**GIVEN DATA**
=== Section Start ===
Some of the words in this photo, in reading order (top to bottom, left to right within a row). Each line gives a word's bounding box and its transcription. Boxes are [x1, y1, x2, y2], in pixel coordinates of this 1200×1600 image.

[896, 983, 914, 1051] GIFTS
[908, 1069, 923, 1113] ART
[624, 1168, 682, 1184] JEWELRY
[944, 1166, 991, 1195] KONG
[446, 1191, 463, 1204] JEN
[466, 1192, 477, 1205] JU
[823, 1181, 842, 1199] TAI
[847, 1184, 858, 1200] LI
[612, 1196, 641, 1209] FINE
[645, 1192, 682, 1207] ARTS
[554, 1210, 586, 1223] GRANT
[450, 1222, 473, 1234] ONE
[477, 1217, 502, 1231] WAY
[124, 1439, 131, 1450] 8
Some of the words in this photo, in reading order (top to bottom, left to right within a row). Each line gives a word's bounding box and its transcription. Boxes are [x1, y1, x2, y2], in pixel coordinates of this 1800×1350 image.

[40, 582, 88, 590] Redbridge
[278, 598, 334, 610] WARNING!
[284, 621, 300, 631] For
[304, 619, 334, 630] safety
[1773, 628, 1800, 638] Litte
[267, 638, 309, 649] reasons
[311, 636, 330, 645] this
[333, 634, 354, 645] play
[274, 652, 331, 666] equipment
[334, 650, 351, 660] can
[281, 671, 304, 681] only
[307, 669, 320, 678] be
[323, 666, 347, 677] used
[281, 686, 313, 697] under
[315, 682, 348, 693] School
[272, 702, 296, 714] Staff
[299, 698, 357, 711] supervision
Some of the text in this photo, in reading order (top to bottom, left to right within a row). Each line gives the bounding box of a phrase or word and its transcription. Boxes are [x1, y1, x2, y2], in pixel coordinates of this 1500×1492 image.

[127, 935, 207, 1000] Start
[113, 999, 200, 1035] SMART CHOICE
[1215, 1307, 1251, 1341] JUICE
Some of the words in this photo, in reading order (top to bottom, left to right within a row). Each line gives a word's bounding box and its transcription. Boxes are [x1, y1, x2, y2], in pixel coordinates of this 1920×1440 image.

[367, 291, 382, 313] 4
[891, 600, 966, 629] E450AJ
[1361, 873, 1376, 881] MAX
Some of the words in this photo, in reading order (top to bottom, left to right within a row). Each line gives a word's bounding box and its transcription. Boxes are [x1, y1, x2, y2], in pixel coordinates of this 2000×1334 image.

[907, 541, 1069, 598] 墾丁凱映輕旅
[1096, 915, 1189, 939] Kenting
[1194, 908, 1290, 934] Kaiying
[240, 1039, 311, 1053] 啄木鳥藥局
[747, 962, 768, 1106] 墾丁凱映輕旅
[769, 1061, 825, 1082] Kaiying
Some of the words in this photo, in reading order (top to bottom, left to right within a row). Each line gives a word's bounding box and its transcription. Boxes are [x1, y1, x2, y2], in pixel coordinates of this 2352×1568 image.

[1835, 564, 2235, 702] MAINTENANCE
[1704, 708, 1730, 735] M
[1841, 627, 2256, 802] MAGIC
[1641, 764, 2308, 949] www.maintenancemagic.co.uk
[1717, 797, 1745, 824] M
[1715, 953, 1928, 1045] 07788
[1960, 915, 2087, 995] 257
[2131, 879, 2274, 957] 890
=== Section End ===
Repeat only the stretch of lines starting at the one containing "this 1920×1440 image." and running to the final line of the entries above.

**RESULT OF THIS EXERCISE**
Some of the words in this photo, in reading order (top to bottom, left to right within a row). Each line gives a word's bounding box and its transcription. Boxes are [x1, y1, x2, y2], in pixel coordinates of this 1920×1440 image.

[367, 291, 382, 313] 4
[891, 600, 966, 629] E450AJ
[1361, 873, 1376, 881] MAX
Some of the words in this photo, in reading order (top to bottom, left to right within a row). Each line gives a word's bounding box and its transcription. Boxes are [x1, y1, x2, y2], in pixel coordinates of this 2000×1334 image.

[907, 541, 1069, 598] 墾丁凱映輕旅
[1096, 915, 1189, 939] Kenting
[1194, 908, 1290, 934] Kaiying
[240, 1039, 311, 1053] 啄木鳥藥局
[747, 962, 768, 1106] 墾丁凱映輕旅
[769, 1061, 825, 1082] Kaiying
Some of the words in this photo, in reading order (top to bottom, left to right within a row). Each line gives a word's bounding box and its transcription. Boxes are [x1, y1, x2, y2], in pixel coordinates of this 2352×1568 image.

[1835, 564, 2235, 702] MAINTENANCE
[1704, 708, 1730, 735] M
[1841, 627, 2256, 802] MAGIC
[1641, 764, 2308, 949] www.maintenancemagic.co.uk
[1717, 797, 1745, 824] M
[1715, 953, 1928, 1045] 07788
[1960, 915, 2087, 995] 257
[2131, 879, 2274, 957] 890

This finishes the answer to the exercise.